Its a compound rake because it is tilted on two axes. Up to down stage its angle is 7 degrees, and left to right its angle is 5. This eliminates the mismatch with the 6-18 platform. The photo below is from a test fit, before i skinned it with ply


----------



## kicknargel (Mar 21, 2014)

It's tilted on one axis, it's just that the axis is on an angle to the stage. Semantics. I was just going to argue that it's not compound, but a google book search gave me a result that says "A compound rake is merely a rake that, in plan view, has a direction or rake not at 90 deg to the downstage edge (or any "obvious" edge). . ." I'll get you next time, Gadget.

So what do we call a platform that actually twists (is not planar)?


----------



## FatherMurphy (Mar 22, 2014)

> So what do we call a platform that actually twists (is not planar)?



I think 'warp' would be the most common term. Interesting challenges for true size and shape drafting....


----------



## zmb (Mar 22, 2014)

Not sure if this is the norm for theatre-specific drawings, but I've learned that dimensions should never be placed inside an object from an engineering drawing class.


----------



## MarshallPope (Mar 22, 2014)

From what I've seen, that is true for most build drawings, but for groundplan-type drawings, elevations are almost always on the object, and dimensions often are as well when they are included at all.


----------



## bobgaggle (Mar 24, 2014)

kicknargel said:


> It's tilted on one axis, it's just that the axis is on an angle to the stage. Semantics. I was just going to argue that it's not compound, but a google book search gave me a result that says "A compound rake is merely a rake that, in plan view, has a direction or rake not at 90 deg to the downstage edge (or any "obvious" edge). . ." I'll get you next time, Gadget.
> 
> So what do we call a platform that actually twists (is not planar)?

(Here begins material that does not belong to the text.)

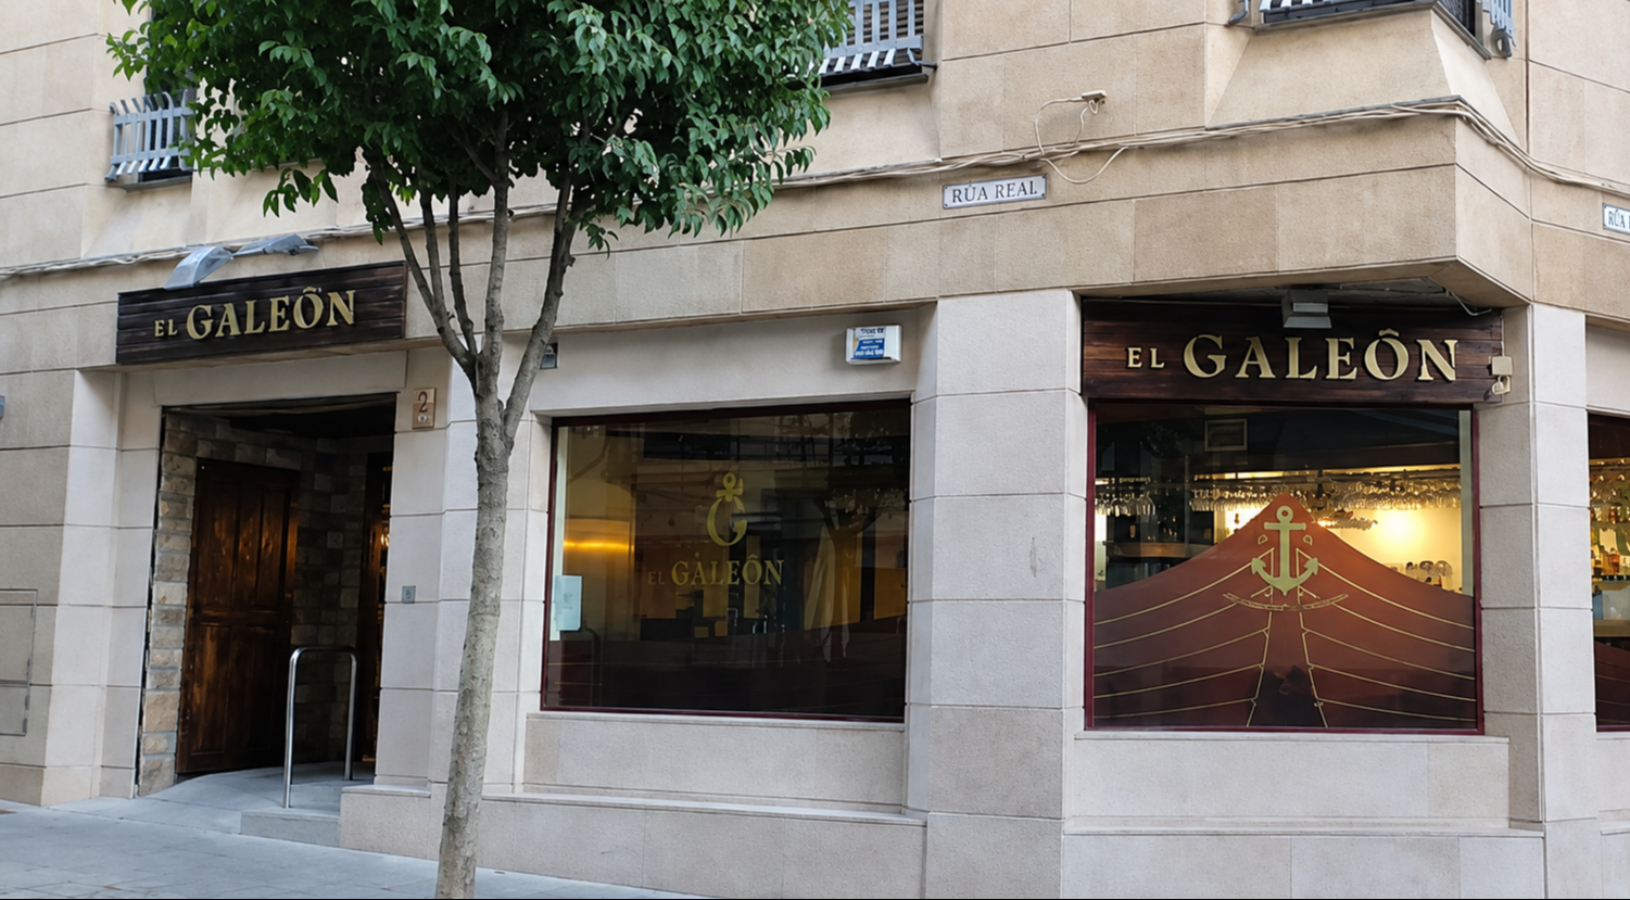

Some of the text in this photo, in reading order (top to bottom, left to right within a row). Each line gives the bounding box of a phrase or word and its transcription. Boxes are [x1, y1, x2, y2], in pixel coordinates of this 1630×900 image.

Not to beat a dead horse, but I don't see how this is a simple rake. On any standard rake, you could put a level on it (aligned with the top edge) and the bubble would be between the lines, no matter how the rake is oriented in relation to the stage. Not so with this one. And it doesn't twist. Its plywood skin is still flat, not deflected or twisted.


----------



## FatherMurphy (Mar 24, 2014)

I think what you have is less a compound rake than it is a irregular shape with a simple rake.

If it's truly a flat surface at the plywood skin, then you could put another sheet of ply on it, slide it down until it touches the deck, and see that it's a single slope. What I'm imagining from your drawing and your text is a platform that's been tipped a lot up/down, tipped a little left/right, and then rotated on the deck... but it's still a flat surface, and the single slope could be accurately noted as a combination of the two tips.

Perhaps a better question is how much information is the person looking at the groundplan really needing to see? Directors and stage managers will be content with a lot less info than a master carpenter.


----------